(Text-to-region grounding data)
*****

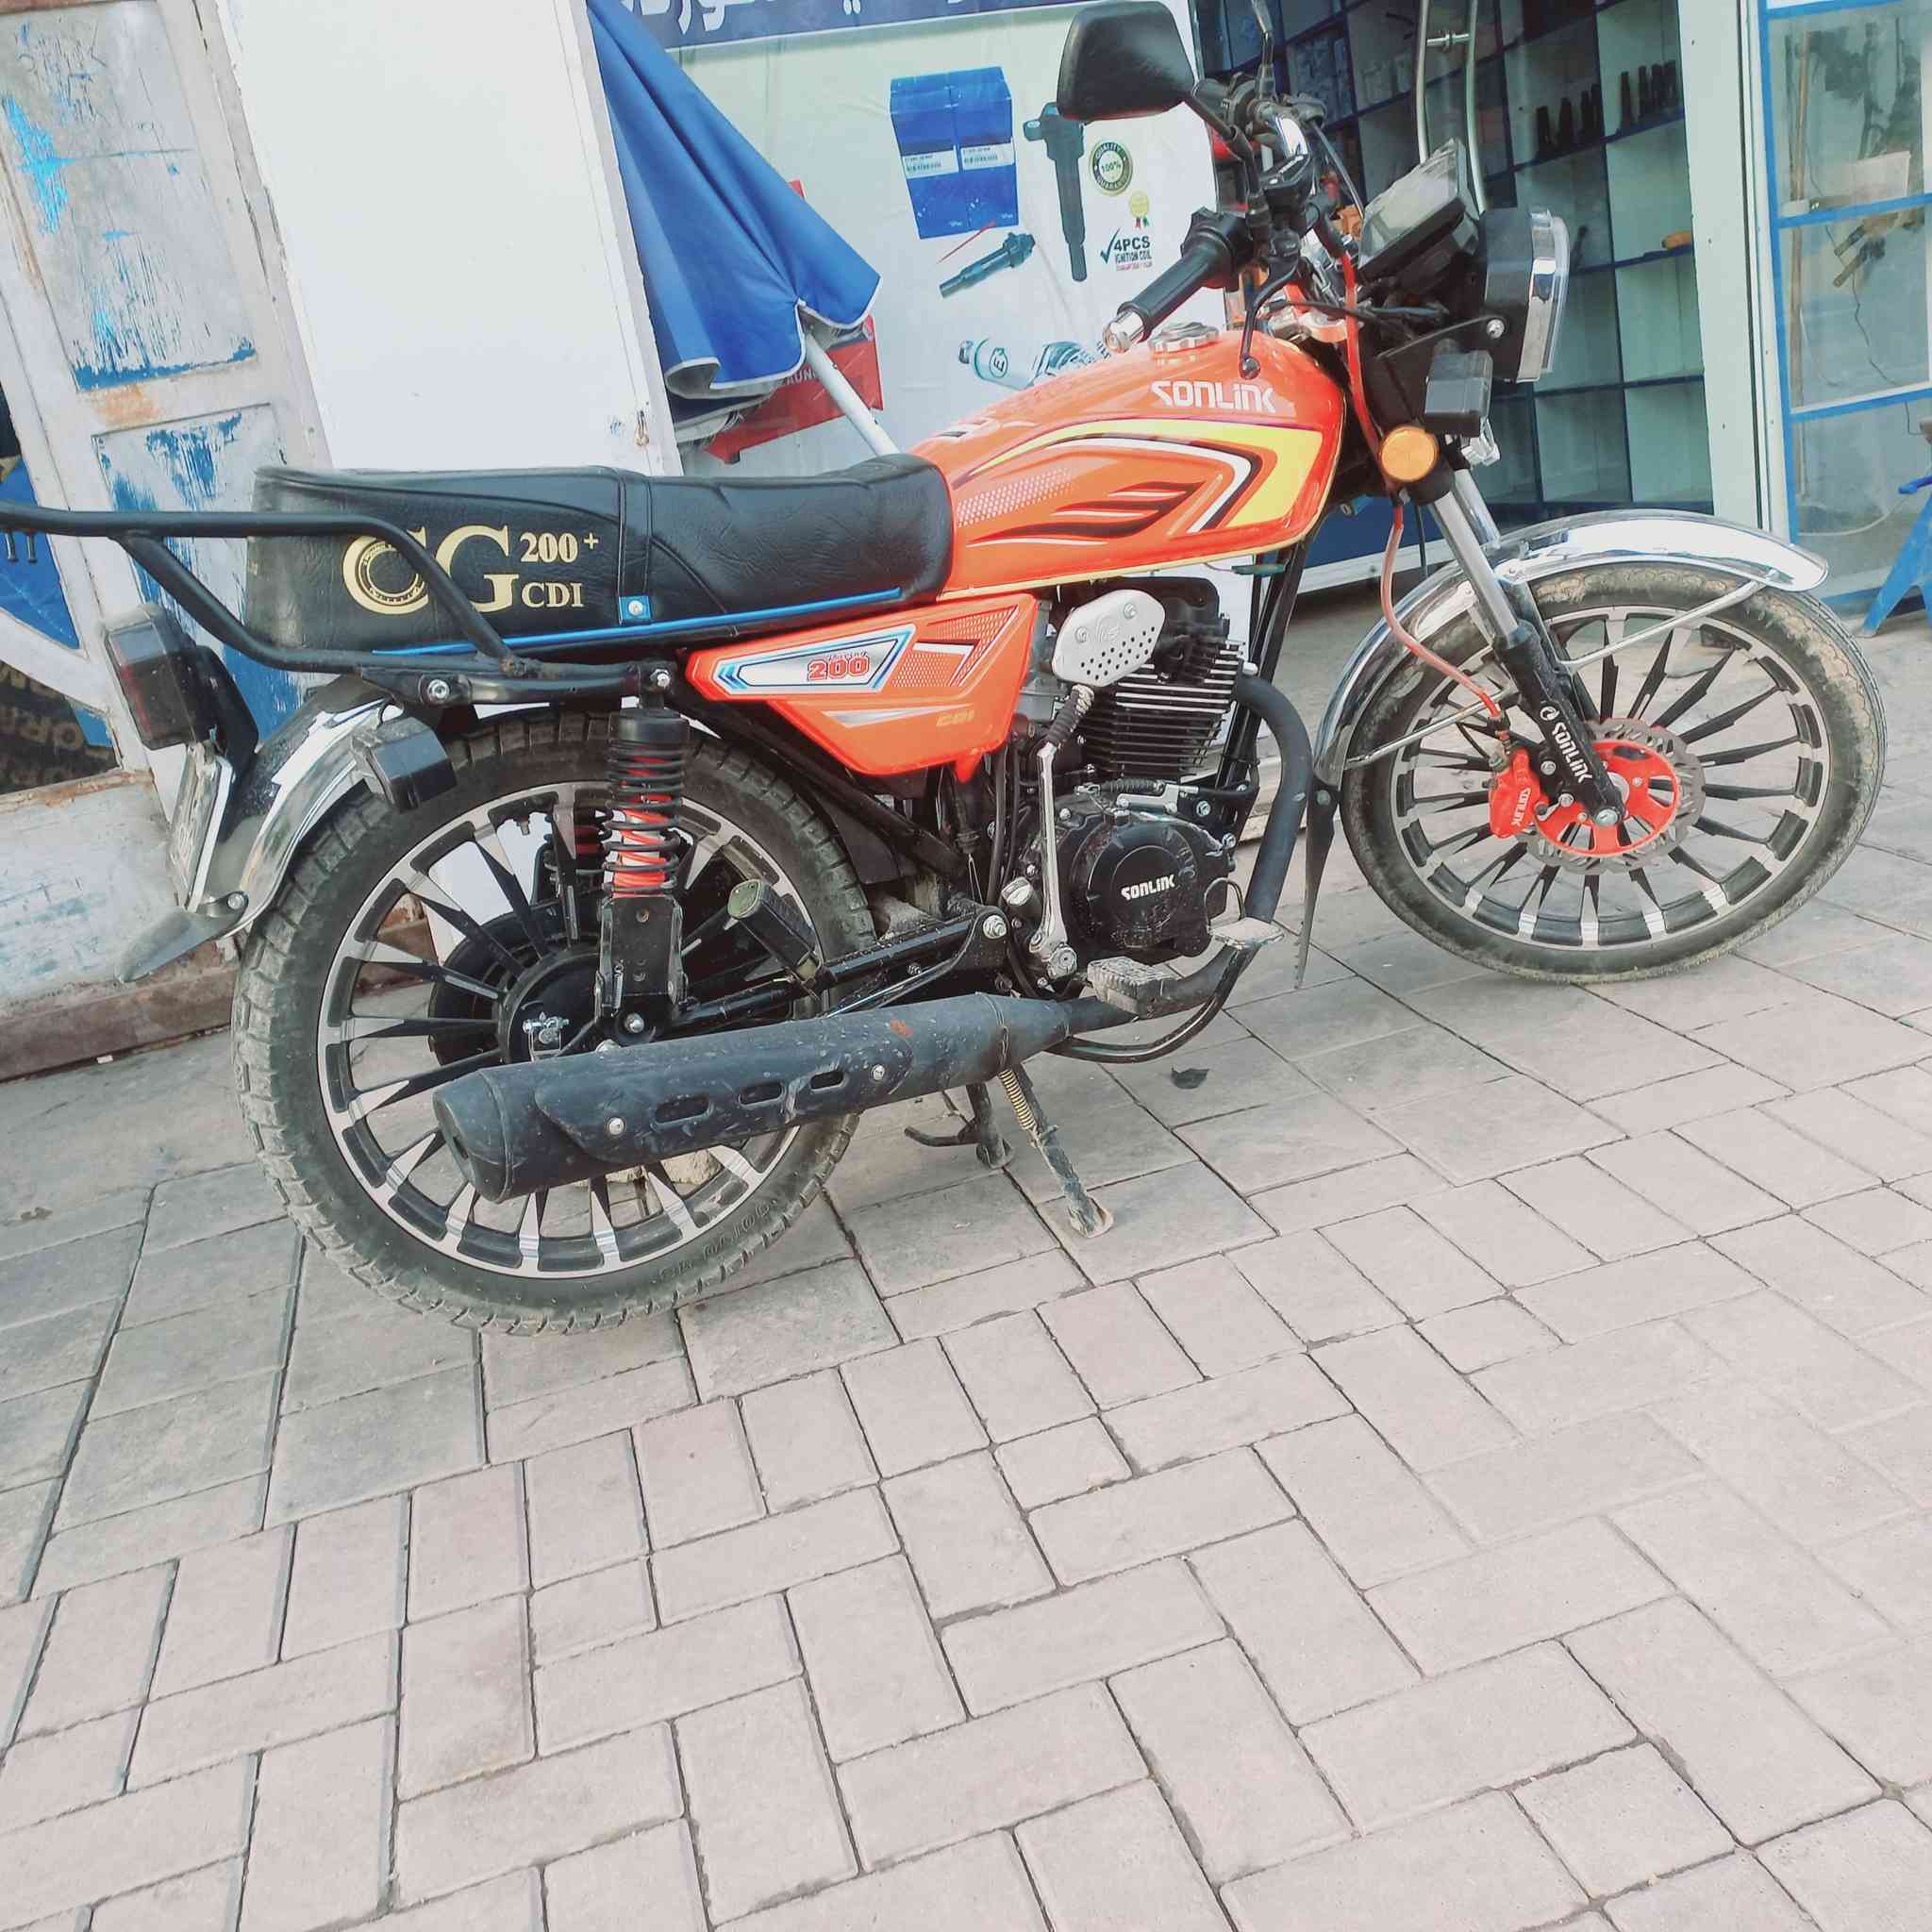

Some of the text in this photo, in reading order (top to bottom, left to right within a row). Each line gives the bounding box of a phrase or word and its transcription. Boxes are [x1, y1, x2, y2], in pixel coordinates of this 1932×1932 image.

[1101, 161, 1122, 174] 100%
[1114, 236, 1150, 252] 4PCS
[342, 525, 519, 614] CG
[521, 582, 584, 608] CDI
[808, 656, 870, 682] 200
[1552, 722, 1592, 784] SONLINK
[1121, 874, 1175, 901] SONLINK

*****

▶ _What to do_
Leave out the pictures; repeat the data exactly.

▶ _Answer space_
Some of the text in this photo, in reading order (top to bottom, left to right within a row). Each line gives the bounding box of a phrase or word and its transcription. Boxes are [x1, y1, x2, y2], in pixel coordinates of this 1932×1932 image.

[1101, 161, 1122, 174] 100%
[1114, 236, 1150, 252] 4PCS
[342, 525, 519, 614] CG
[521, 582, 584, 608] CDI
[808, 656, 870, 682] 200
[1552, 722, 1592, 784] SONLINK
[1121, 874, 1175, 901] SONLINK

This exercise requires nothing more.